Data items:
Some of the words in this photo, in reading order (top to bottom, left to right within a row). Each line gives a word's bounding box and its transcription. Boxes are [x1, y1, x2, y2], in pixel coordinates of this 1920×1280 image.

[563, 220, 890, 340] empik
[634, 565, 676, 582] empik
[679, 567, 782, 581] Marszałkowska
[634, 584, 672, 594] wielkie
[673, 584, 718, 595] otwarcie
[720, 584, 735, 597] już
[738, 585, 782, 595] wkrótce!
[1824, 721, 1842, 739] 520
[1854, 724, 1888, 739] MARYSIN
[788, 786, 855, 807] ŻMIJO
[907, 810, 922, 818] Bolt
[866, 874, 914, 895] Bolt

● **Problem statement**
Your response must consist of every line above, reproduced exactly.

● **Your solution**
Some of the words in this photo, in reading order (top to bottom, left to right within a row). Each line gives a word's bounding box and its transcription. Boxes are [x1, y1, x2, y2], in pixel coordinates of this 1920×1280 image.

[563, 220, 890, 340] empik
[634, 565, 676, 582] empik
[679, 567, 782, 581] Marszałkowska
[634, 584, 672, 594] wielkie
[673, 584, 718, 595] otwarcie
[720, 584, 735, 597] już
[738, 585, 782, 595] wkrótce!
[1824, 721, 1842, 739] 520
[1854, 724, 1888, 739] MARYSIN
[788, 786, 855, 807] ŻMIJO
[907, 810, 922, 818] Bolt
[866, 874, 914, 895] Bolt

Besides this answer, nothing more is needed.